> WHAT IS REQUIRED
Please set down each line of the data again, unchanged.

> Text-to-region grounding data
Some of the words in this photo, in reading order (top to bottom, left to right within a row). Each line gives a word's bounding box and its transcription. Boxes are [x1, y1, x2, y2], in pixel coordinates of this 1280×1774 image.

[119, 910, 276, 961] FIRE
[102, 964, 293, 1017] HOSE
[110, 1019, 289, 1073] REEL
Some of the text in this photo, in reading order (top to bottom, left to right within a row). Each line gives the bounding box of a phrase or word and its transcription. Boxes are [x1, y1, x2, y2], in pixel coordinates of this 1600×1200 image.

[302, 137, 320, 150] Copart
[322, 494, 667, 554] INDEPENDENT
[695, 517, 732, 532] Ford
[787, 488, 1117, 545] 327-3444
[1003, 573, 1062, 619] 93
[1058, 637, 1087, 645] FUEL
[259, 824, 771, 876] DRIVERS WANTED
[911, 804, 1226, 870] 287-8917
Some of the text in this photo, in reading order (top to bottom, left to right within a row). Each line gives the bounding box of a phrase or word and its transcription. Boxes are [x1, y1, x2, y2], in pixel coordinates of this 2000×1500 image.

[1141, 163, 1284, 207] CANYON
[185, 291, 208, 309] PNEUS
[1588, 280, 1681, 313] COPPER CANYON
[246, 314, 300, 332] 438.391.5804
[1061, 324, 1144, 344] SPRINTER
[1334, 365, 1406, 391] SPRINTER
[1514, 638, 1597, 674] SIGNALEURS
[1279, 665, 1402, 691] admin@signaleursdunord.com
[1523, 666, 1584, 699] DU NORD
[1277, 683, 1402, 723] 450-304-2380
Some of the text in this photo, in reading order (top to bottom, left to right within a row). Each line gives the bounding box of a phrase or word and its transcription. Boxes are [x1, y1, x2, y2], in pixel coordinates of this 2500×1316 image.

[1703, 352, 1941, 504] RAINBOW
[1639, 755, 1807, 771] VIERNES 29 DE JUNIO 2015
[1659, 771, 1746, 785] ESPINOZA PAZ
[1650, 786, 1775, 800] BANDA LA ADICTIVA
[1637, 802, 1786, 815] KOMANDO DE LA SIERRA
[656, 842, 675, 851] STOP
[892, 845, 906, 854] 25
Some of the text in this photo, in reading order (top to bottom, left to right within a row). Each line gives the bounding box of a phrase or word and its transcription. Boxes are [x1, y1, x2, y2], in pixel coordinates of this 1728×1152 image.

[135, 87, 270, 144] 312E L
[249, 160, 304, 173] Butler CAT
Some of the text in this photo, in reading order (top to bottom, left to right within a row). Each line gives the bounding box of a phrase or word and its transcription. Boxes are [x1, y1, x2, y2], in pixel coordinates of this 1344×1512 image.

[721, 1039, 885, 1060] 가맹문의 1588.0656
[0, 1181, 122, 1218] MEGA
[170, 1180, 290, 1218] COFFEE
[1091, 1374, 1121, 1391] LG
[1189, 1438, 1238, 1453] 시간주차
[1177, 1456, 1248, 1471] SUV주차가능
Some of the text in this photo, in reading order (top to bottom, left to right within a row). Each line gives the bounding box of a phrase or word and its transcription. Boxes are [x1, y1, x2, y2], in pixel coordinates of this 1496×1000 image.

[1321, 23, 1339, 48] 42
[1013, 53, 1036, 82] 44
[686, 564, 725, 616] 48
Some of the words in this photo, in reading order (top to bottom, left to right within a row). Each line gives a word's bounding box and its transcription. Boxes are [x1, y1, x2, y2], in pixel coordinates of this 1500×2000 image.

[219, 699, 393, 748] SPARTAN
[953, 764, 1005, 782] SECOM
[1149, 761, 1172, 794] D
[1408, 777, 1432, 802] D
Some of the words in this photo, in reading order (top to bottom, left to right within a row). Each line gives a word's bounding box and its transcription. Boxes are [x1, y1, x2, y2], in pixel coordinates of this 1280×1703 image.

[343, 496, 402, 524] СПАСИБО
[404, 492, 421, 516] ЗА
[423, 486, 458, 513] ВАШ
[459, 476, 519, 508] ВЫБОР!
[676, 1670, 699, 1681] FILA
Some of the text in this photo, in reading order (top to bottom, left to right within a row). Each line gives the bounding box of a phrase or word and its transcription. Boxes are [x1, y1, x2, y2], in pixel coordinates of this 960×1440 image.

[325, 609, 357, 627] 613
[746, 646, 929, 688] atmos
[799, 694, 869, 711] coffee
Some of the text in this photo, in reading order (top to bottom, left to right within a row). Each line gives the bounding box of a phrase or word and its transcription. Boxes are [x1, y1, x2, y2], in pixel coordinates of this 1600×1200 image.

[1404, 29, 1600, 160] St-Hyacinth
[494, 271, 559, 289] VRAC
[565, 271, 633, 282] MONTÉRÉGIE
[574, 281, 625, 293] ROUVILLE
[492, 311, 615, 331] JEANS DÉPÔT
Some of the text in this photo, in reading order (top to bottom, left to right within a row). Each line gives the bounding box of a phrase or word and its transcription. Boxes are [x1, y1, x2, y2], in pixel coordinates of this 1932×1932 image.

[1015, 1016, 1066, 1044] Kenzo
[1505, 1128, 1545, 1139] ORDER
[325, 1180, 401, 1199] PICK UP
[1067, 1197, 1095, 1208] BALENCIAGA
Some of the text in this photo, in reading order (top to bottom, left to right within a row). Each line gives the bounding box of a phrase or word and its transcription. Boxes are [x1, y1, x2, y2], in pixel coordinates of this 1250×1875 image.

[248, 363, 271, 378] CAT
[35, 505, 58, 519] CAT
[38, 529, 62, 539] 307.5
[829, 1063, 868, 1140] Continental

> ANSWER
Some of the words in this photo, in reading order (top to bottom, left to right within a row). Each line gives a word's bounding box and its transcription. Boxes are [x1, y1, x2, y2], in pixel coordinates of this 1280×1774 image.

[119, 910, 276, 961] FIRE
[102, 964, 293, 1017] HOSE
[110, 1019, 289, 1073] REEL
Some of the text in this photo, in reading order (top to bottom, left to right within a row). Each line gives the bounding box of a phrase or word and its transcription. Boxes are [x1, y1, x2, y2], in pixel coordinates of this 1600×1200 image.

[302, 137, 320, 150] Copart
[322, 494, 667, 554] INDEPENDENT
[695, 517, 732, 532] Ford
[787, 488, 1117, 545] 327-3444
[1003, 573, 1062, 619] 93
[1058, 637, 1087, 645] FUEL
[259, 824, 771, 876] DRIVERS WANTED
[911, 804, 1226, 870] 287-8917
Some of the text in this photo, in reading order (top to bottom, left to right within a row). Each line gives the bounding box of a phrase or word and its transcription. Boxes are [x1, y1, x2, y2], in pixel coordinates of this 2000×1500 image.

[1141, 163, 1284, 207] CANYON
[185, 291, 208, 309] PNEUS
[1588, 280, 1681, 313] COPPER CANYON
[246, 314, 300, 332] 438.391.5804
[1061, 324, 1144, 344] SPRINTER
[1334, 365, 1406, 391] SPRINTER
[1514, 638, 1597, 674] SIGNALEURS
[1279, 665, 1402, 691] admin@signaleursdunord.com
[1523, 666, 1584, 699] DU NORD
[1277, 683, 1402, 723] 450-304-2380
Some of the text in this photo, in reading order (top to bottom, left to right within a row). Each line gives the bounding box of a phrase or word and its transcription. Boxes are [x1, y1, x2, y2], in pixel coordinates of this 2500×1316 image.

[1703, 352, 1941, 504] RAINBOW
[1639, 755, 1807, 771] VIERNES 29 DE JUNIO 2015
[1659, 771, 1746, 785] ESPINOZA PAZ
[1650, 786, 1775, 800] BANDA LA ADICTIVA
[1637, 802, 1786, 815] KOMANDO DE LA SIERRA
[656, 842, 675, 851] STOP
[892, 845, 906, 854] 25
Some of the text in this photo, in reading order (top to bottom, left to right within a row). Each line gives the bounding box of a phrase or word and its transcription. Boxes are [x1, y1, x2, y2], in pixel coordinates of this 1728×1152 image.

[135, 87, 270, 144] 312E L
[249, 160, 304, 173] Butler CAT
Some of the text in this photo, in reading order (top to bottom, left to right within a row). Each line gives the bounding box of a phrase or word and its transcription. Boxes are [x1, y1, x2, y2], in pixel coordinates of this 1344×1512 image.

[721, 1039, 885, 1060] 가맹문의 1588.0656
[0, 1181, 122, 1218] MEGA
[170, 1180, 290, 1218] COFFEE
[1091, 1374, 1121, 1391] LG
[1189, 1438, 1238, 1453] 시간주차
[1177, 1456, 1248, 1471] SUV주차가능
Some of the text in this photo, in reading order (top to bottom, left to right within a row). Each line gives the bounding box of a phrase or word and its transcription. Boxes are [x1, y1, x2, y2], in pixel coordinates of this 1496×1000 image.

[1321, 23, 1339, 48] 42
[1013, 53, 1036, 82] 44
[686, 564, 725, 616] 48
Some of the words in this photo, in reading order (top to bottom, left to right within a row). Each line gives a word's bounding box and its transcription. Boxes are [x1, y1, x2, y2], in pixel coordinates of this 1500×2000 image.

[219, 699, 393, 748] SPARTAN
[953, 764, 1005, 782] SECOM
[1149, 761, 1172, 794] D
[1408, 777, 1432, 802] D
Some of the words in this photo, in reading order (top to bottom, left to right within a row). Each line gives a word's bounding box and its transcription. Boxes are [x1, y1, x2, y2], in pixel coordinates of this 1280×1703 image.

[343, 496, 402, 524] СПАСИБО
[404, 492, 421, 516] ЗА
[423, 486, 458, 513] ВАШ
[459, 476, 519, 508] ВЫБОР!
[676, 1670, 699, 1681] FILA
Some of the text in this photo, in reading order (top to bottom, left to right within a row). Each line gives the bounding box of a phrase or word and its transcription. Boxes are [x1, y1, x2, y2], in pixel coordinates of this 960×1440 image.

[325, 609, 357, 627] 613
[746, 646, 929, 688] atmos
[799, 694, 869, 711] coffee
Some of the text in this photo, in reading order (top to bottom, left to right within a row). Each line gives the bounding box of a phrase or word and its transcription. Boxes are [x1, y1, x2, y2], in pixel coordinates of this 1600×1200 image.

[1404, 29, 1600, 160] St-Hyacinth
[494, 271, 559, 289] VRAC
[565, 271, 633, 282] MONTÉRÉGIE
[574, 281, 625, 293] ROUVILLE
[492, 311, 615, 331] JEANS DÉPÔT
Some of the text in this photo, in reading order (top to bottom, left to right within a row). Each line gives the bounding box of a phrase or word and its transcription. Boxes are [x1, y1, x2, y2], in pixel coordinates of this 1932×1932 image.

[1015, 1016, 1066, 1044] Kenzo
[1505, 1128, 1545, 1139] ORDER
[325, 1180, 401, 1199] PICK UP
[1067, 1197, 1095, 1208] BALENCIAGA
Some of the text in this photo, in reading order (top to bottom, left to right within a row). Each line gives the bounding box of a phrase or word and its transcription. Boxes are [x1, y1, x2, y2], in pixel coordinates of this 1250×1875 image.

[248, 363, 271, 378] CAT
[35, 505, 58, 519] CAT
[38, 529, 62, 539] 307.5
[829, 1063, 868, 1140] Continental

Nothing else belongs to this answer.